WHAT THE EXERCISE ASKS
When the data below is printed, every line must match exactly and the images must be absent.

______________________________

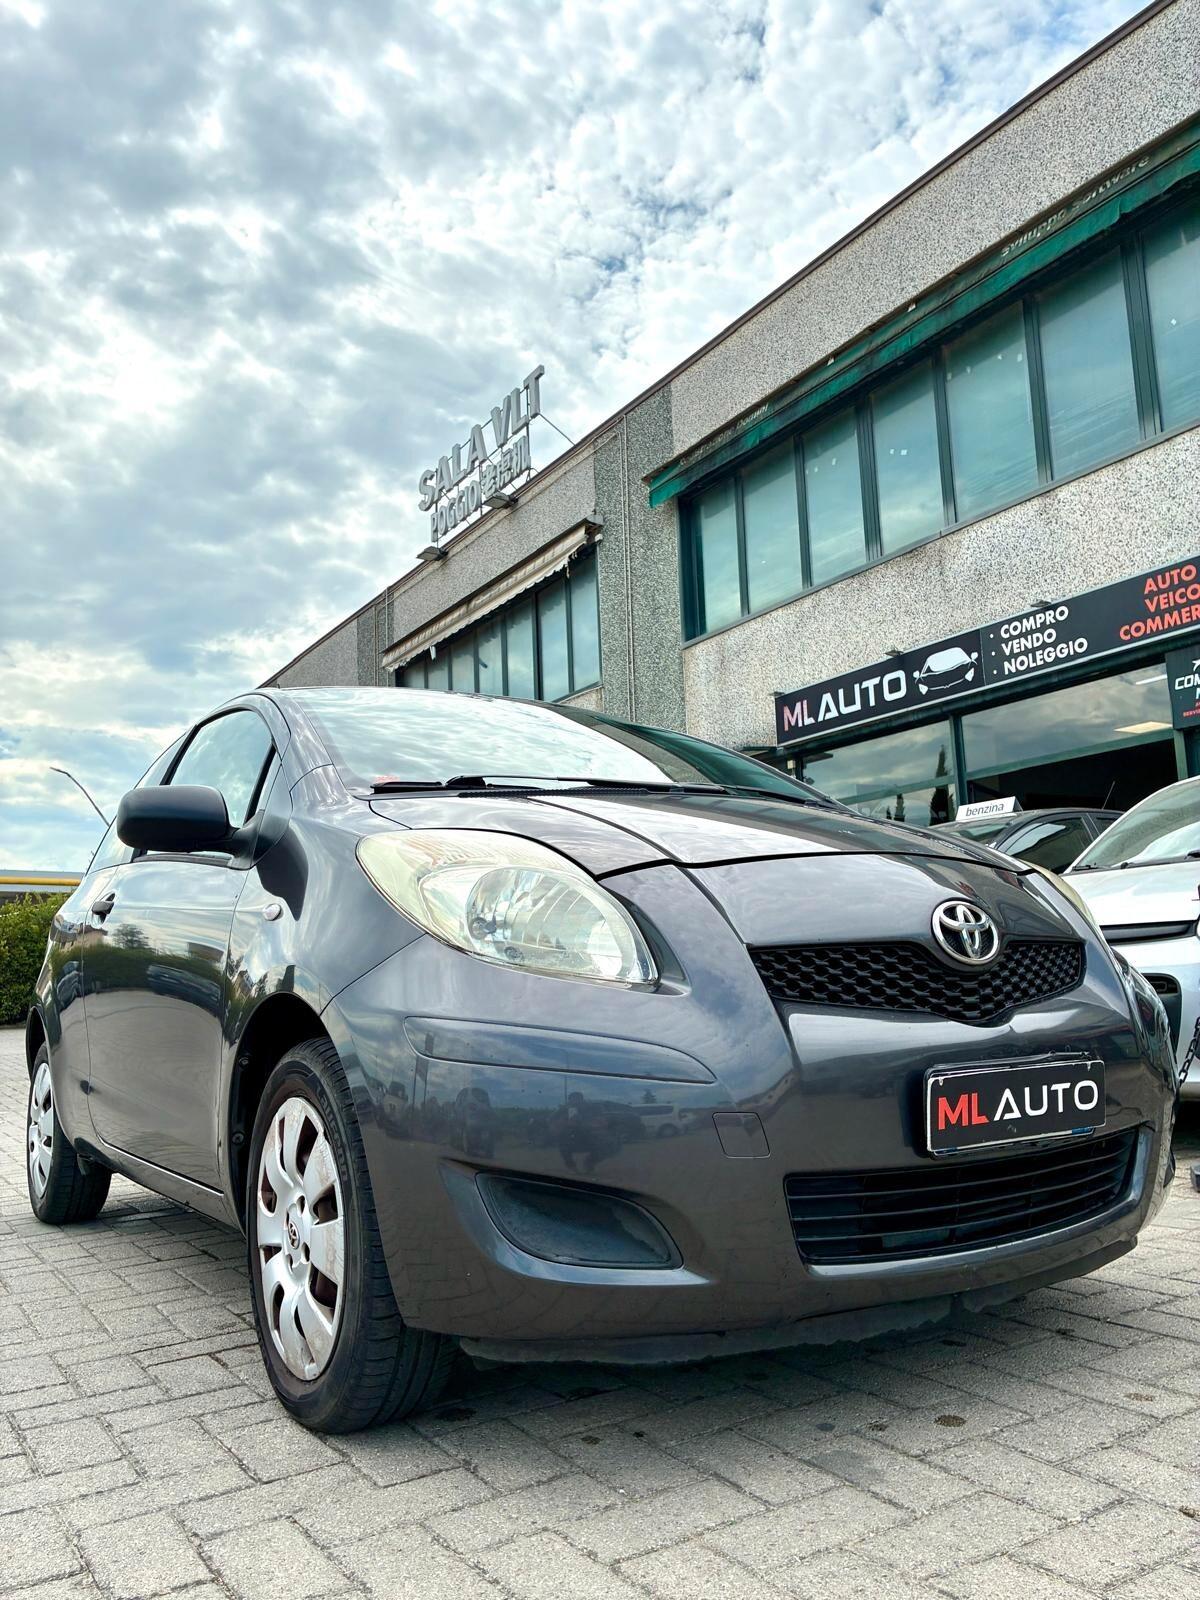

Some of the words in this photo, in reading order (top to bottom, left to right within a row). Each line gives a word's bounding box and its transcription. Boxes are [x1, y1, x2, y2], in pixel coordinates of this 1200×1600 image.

[418, 424, 487, 512] SALA
[490, 364, 545, 448] VLT
[431, 480, 482, 542] POGGIO
[1144, 564, 1197, 594] AUTO
[1144, 583, 1200, 613] VEICO
[1000, 605, 1069, 639] COMPRO
[1119, 604, 1200, 641] COMMER
[1001, 628, 1057, 656] VENDO
[1003, 637, 1088, 675] NOLEGGIO
[966, 803, 1005, 817] benzina

______________________________

TASK RESULT
Some of the words in this photo, in reading order (top to bottom, left to right within a row). Each line gives a word's bounding box and its transcription. Boxes are [x1, y1, x2, y2], in pixel coordinates of this 1200×1600 image.

[418, 424, 487, 512] SALA
[490, 364, 545, 448] VLT
[431, 480, 482, 542] POGGIO
[1144, 564, 1197, 594] AUTO
[1144, 583, 1200, 613] VEICO
[1000, 605, 1069, 639] COMPRO
[1119, 604, 1200, 641] COMMER
[1001, 628, 1057, 656] VENDO
[1003, 637, 1088, 675] NOLEGGIO
[966, 803, 1005, 817] benzina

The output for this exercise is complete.